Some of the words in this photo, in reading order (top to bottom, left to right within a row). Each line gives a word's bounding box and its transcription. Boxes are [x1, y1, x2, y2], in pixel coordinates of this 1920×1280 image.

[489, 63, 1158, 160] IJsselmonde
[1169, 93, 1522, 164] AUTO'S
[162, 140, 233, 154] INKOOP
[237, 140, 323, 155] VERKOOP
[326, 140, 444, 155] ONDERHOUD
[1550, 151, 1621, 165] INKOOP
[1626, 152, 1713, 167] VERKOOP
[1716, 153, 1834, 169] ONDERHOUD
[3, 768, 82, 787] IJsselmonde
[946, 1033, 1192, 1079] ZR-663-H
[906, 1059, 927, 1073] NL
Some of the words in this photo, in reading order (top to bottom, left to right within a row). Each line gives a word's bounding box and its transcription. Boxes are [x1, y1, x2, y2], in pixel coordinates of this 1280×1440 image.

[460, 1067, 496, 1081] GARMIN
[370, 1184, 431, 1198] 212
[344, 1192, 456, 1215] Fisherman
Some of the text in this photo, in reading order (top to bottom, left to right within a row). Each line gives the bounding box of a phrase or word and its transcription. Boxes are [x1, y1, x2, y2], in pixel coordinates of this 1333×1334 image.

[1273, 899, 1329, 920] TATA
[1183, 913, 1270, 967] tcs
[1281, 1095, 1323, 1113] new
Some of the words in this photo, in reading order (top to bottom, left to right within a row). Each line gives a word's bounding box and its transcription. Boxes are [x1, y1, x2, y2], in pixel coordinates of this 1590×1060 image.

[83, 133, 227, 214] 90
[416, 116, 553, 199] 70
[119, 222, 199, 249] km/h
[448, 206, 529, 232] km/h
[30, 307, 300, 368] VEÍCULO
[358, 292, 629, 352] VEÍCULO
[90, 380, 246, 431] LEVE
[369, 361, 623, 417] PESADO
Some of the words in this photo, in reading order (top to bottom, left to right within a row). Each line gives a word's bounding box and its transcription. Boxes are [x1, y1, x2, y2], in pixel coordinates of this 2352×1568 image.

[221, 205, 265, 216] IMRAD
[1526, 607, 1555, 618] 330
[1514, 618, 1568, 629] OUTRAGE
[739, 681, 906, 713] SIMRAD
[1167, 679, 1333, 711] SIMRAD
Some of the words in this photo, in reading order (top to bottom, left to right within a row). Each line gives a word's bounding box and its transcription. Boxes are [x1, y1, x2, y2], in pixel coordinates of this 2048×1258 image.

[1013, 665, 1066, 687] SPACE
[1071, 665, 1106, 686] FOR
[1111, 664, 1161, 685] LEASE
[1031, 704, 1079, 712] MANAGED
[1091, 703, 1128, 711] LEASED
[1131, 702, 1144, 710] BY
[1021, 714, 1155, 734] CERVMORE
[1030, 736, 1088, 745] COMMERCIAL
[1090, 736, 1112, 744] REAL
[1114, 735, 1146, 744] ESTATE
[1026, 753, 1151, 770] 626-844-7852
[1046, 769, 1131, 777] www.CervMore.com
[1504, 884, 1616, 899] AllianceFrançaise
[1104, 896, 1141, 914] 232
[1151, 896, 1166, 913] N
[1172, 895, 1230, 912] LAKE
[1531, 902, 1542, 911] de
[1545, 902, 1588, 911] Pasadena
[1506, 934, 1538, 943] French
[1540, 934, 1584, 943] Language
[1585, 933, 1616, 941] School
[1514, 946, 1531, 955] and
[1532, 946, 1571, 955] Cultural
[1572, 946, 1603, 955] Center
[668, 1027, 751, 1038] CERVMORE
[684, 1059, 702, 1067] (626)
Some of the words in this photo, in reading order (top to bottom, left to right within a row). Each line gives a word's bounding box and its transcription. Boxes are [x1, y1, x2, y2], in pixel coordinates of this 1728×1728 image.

= = = = =

WORK REQUIRED =>
Give back all of the entries exactly as written.

ANSWER TO THIS PROBLEM =>
Some of the words in this photo, in reading order (top to bottom, left to right within a row). Each line gives a word's bounding box and its transcription. Boxes are [x1, y1, x2, y2], in pixel coordinates of this 1920×1280 image.

[489, 63, 1158, 160] IJsselmonde
[1169, 93, 1522, 164] AUTO'S
[162, 140, 233, 154] INKOOP
[237, 140, 323, 155] VERKOOP
[326, 140, 444, 155] ONDERHOUD
[1550, 151, 1621, 165] INKOOP
[1626, 152, 1713, 167] VERKOOP
[1716, 153, 1834, 169] ONDERHOUD
[3, 768, 82, 787] IJsselmonde
[946, 1033, 1192, 1079] ZR-663-H
[906, 1059, 927, 1073] NL
Some of the words in this photo, in reading order (top to bottom, left to right within a row). Each line gives a word's bounding box and its transcription. Boxes are [x1, y1, x2, y2], in pixel coordinates of this 1280×1440 image.

[460, 1067, 496, 1081] GARMIN
[370, 1184, 431, 1198] 212
[344, 1192, 456, 1215] Fisherman
Some of the text in this photo, in reading order (top to bottom, left to right within a row). Each line gives the bounding box of a phrase or word and its transcription. Boxes are [x1, y1, x2, y2], in pixel coordinates of this 1333×1334 image.

[1273, 899, 1329, 920] TATA
[1183, 913, 1270, 967] tcs
[1281, 1095, 1323, 1113] new
Some of the words in this photo, in reading order (top to bottom, left to right within a row). Each line gives a word's bounding box and its transcription. Boxes are [x1, y1, x2, y2], in pixel coordinates of this 1590×1060 image.

[83, 133, 227, 214] 90
[416, 116, 553, 199] 70
[119, 222, 199, 249] km/h
[448, 206, 529, 232] km/h
[30, 307, 300, 368] VEÍCULO
[358, 292, 629, 352] VEÍCULO
[90, 380, 246, 431] LEVE
[369, 361, 623, 417] PESADO
Some of the words in this photo, in reading order (top to bottom, left to right within a row). Each line gives a word's bounding box and its transcription. Boxes are [x1, y1, x2, y2], in pixel coordinates of this 2352×1568 image.

[221, 205, 265, 216] IMRAD
[1526, 607, 1555, 618] 330
[1514, 618, 1568, 629] OUTRAGE
[739, 681, 906, 713] SIMRAD
[1167, 679, 1333, 711] SIMRAD
Some of the words in this photo, in reading order (top to bottom, left to right within a row). Each line gives a word's bounding box and its transcription. Boxes are [x1, y1, x2, y2], in pixel coordinates of this 2048×1258 image.

[1013, 665, 1066, 687] SPACE
[1071, 665, 1106, 686] FOR
[1111, 664, 1161, 685] LEASE
[1031, 704, 1079, 712] MANAGED
[1091, 703, 1128, 711] LEASED
[1131, 702, 1144, 710] BY
[1021, 714, 1155, 734] CERVMORE
[1030, 736, 1088, 745] COMMERCIAL
[1090, 736, 1112, 744] REAL
[1114, 735, 1146, 744] ESTATE
[1026, 753, 1151, 770] 626-844-7852
[1046, 769, 1131, 777] www.CervMore.com
[1504, 884, 1616, 899] AllianceFrançaise
[1104, 896, 1141, 914] 232
[1151, 896, 1166, 913] N
[1172, 895, 1230, 912] LAKE
[1531, 902, 1542, 911] de
[1545, 902, 1588, 911] Pasadena
[1506, 934, 1538, 943] French
[1540, 934, 1584, 943] Language
[1585, 933, 1616, 941] School
[1514, 946, 1531, 955] and
[1532, 946, 1571, 955] Cultural
[1572, 946, 1603, 955] Center
[668, 1027, 751, 1038] CERVMORE
[684, 1059, 702, 1067] (626)
Some of the words in this photo, in reading order (top to bottom, left to right within a row). Each line gives a word's bounding box and its transcription. Boxes are [x1, y1, x2, y2], in pixel coordinates of this 1728×1728 image.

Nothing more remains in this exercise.